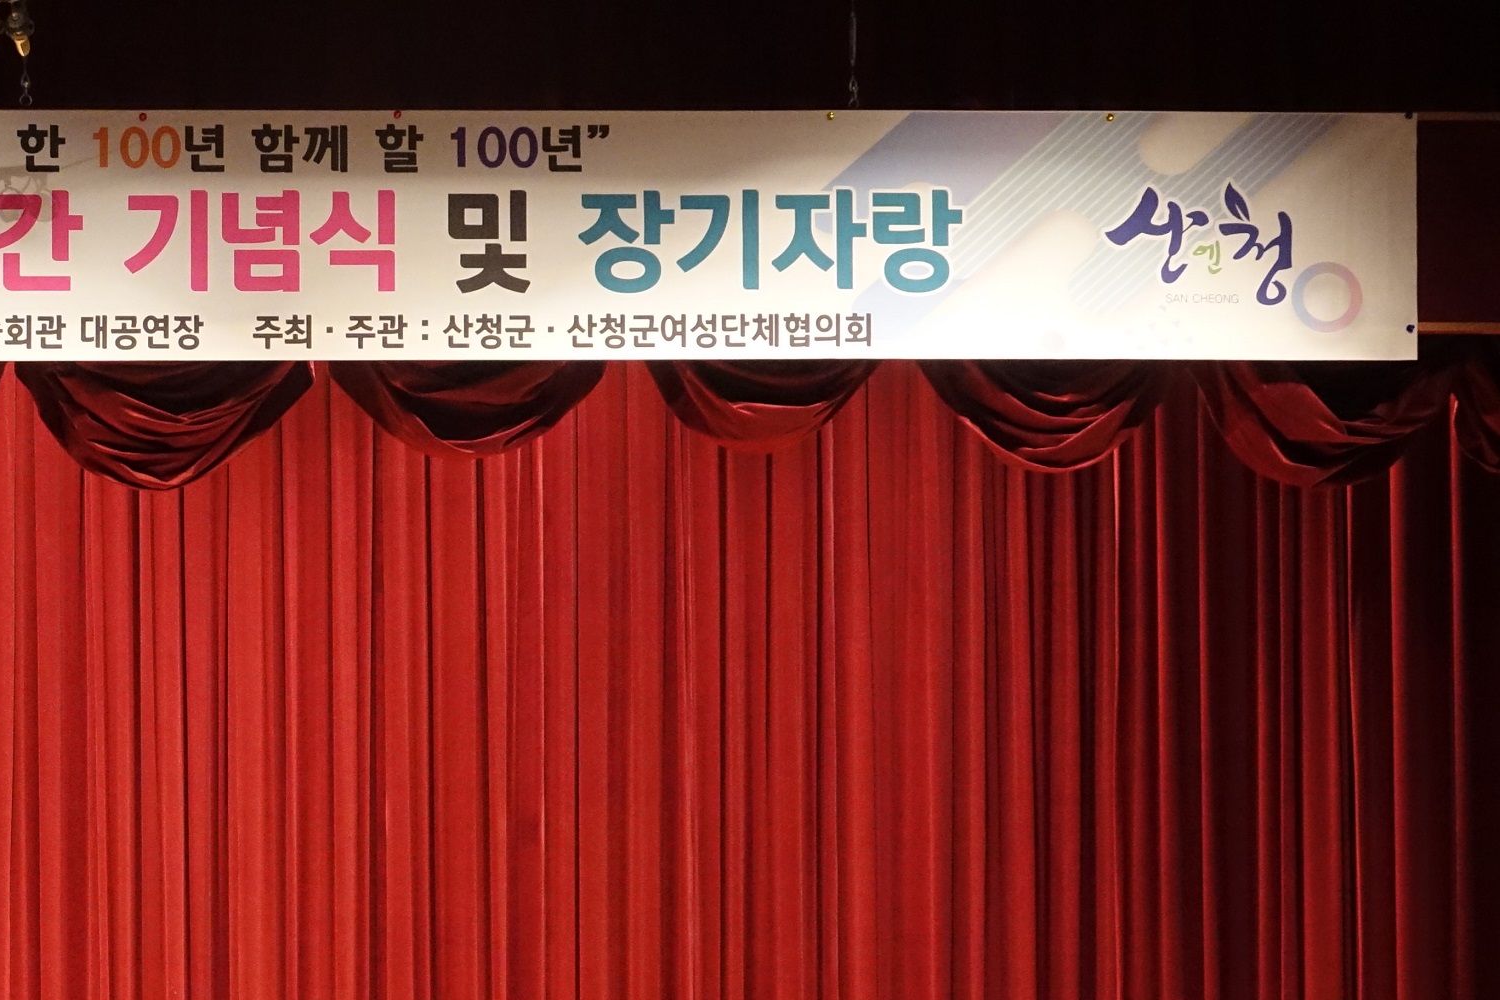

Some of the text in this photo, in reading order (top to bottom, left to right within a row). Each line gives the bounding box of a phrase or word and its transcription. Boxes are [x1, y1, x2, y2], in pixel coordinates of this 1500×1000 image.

[17, 124, 65, 172] 한
[93, 124, 224, 172] 100년
[252, 124, 347, 172] 함께
[375, 124, 423, 173] 할
[124, 190, 395, 291] 기념식
[448, 190, 530, 293] 및
[578, 190, 962, 293] 장기자랑
[1165, 293, 1240, 304] SAN CHEONG
[81, 315, 204, 350] 대공연장
[253, 315, 312, 349] 주최
[346, 315, 408, 349] 주관
[443, 314, 534, 349] 산청군
[567, 313, 872, 348] 산청군여성단체협의회

::::::::

Transcribe the records above exactly, without images.

Some of the text in this photo, in reading order (top to bottom, left to right within a row). Each line gives the bounding box of a phrase or word and its transcription. Boxes are [x1, y1, x2, y2], in pixel coordinates of this 1500×1000 image.

[17, 124, 65, 172] 한
[93, 124, 224, 172] 100년
[252, 124, 347, 172] 함께
[375, 124, 423, 173] 할
[124, 190, 395, 291] 기념식
[448, 190, 530, 293] 및
[578, 190, 962, 293] 장기자랑
[1165, 293, 1240, 304] SAN CHEONG
[81, 315, 204, 350] 대공연장
[253, 315, 312, 349] 주최
[346, 315, 408, 349] 주관
[443, 314, 534, 349] 산청군
[567, 313, 872, 348] 산청군여성단체협의회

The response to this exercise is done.